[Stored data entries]
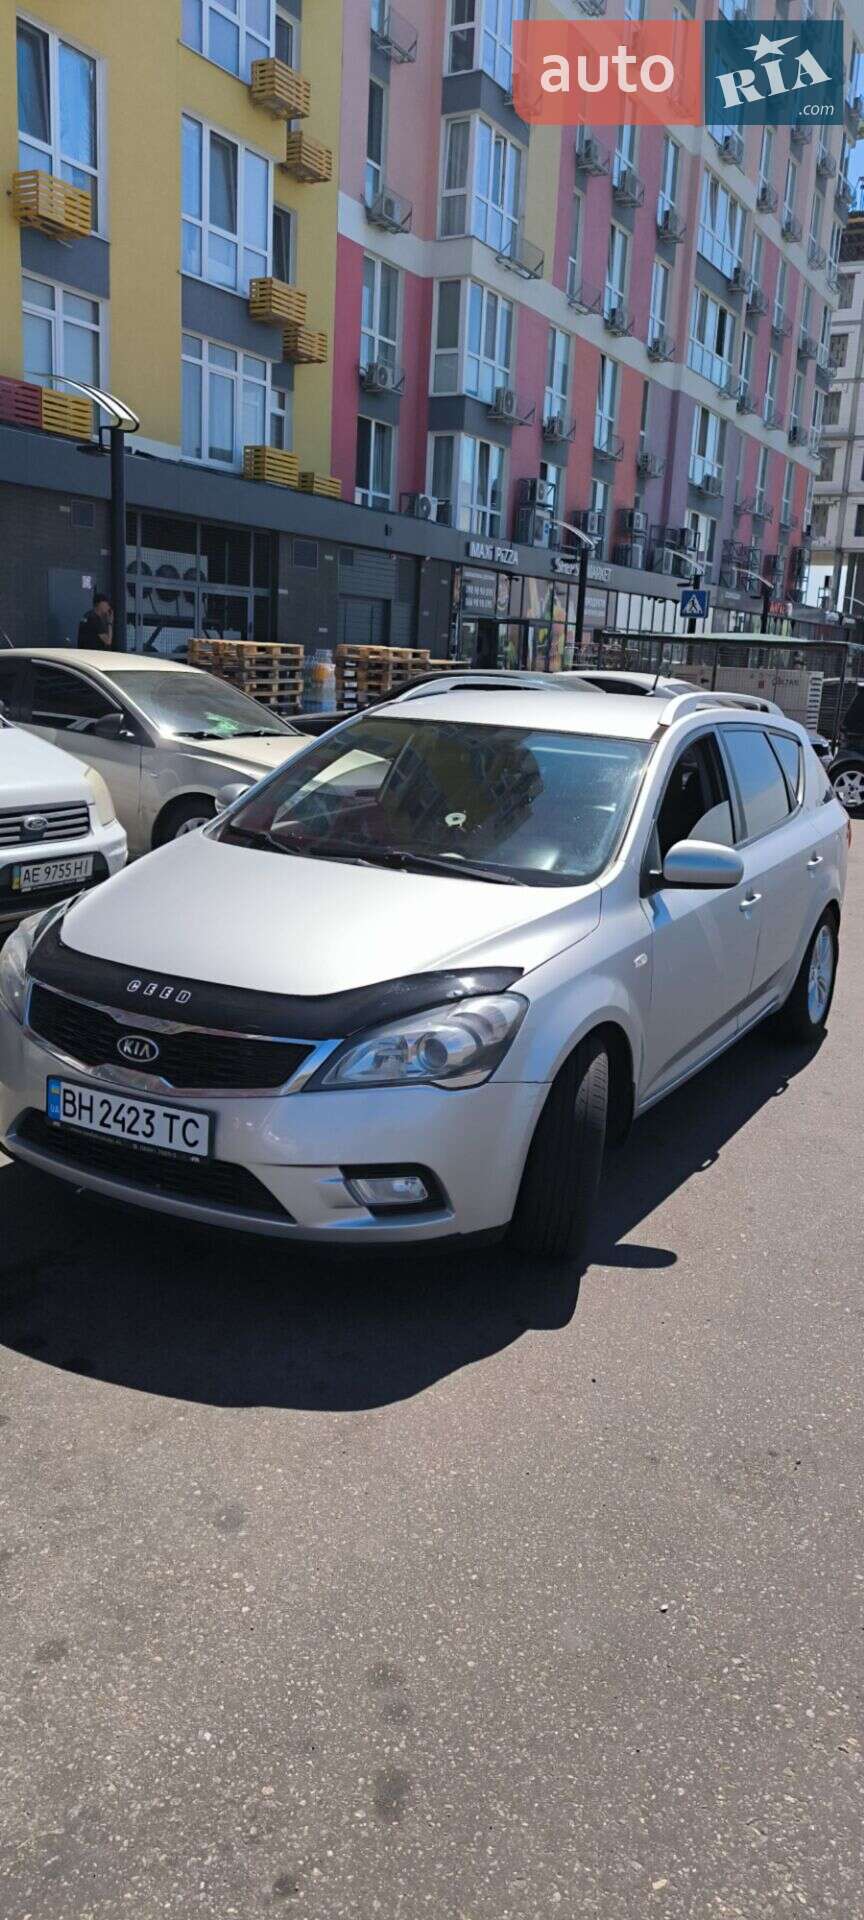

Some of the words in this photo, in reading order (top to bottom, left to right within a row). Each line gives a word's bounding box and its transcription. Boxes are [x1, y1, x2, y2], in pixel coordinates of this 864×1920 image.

[23, 867, 41, 883] AE
[44, 862, 71, 881] 9755
[126, 979, 192, 1004] CEED
[123, 1039, 151, 1059] KIA
[62, 1089, 94, 1124] BH
[99, 1099, 155, 1139] 2423
[163, 1112, 200, 1148] TC

## What is expected
Please reproduce every record exactly, leaving the pictures out.

## Your response
Some of the words in this photo, in reading order (top to bottom, left to right within a row). Each line gives a word's bounding box and its transcription. Boxes are [x1, y1, x2, y2], in pixel coordinates of this 864×1920 image.

[23, 867, 41, 883] AE
[44, 862, 71, 881] 9755
[126, 979, 192, 1004] CEED
[123, 1039, 151, 1059] KIA
[62, 1089, 94, 1124] BH
[99, 1099, 155, 1139] 2423
[163, 1112, 200, 1148] TC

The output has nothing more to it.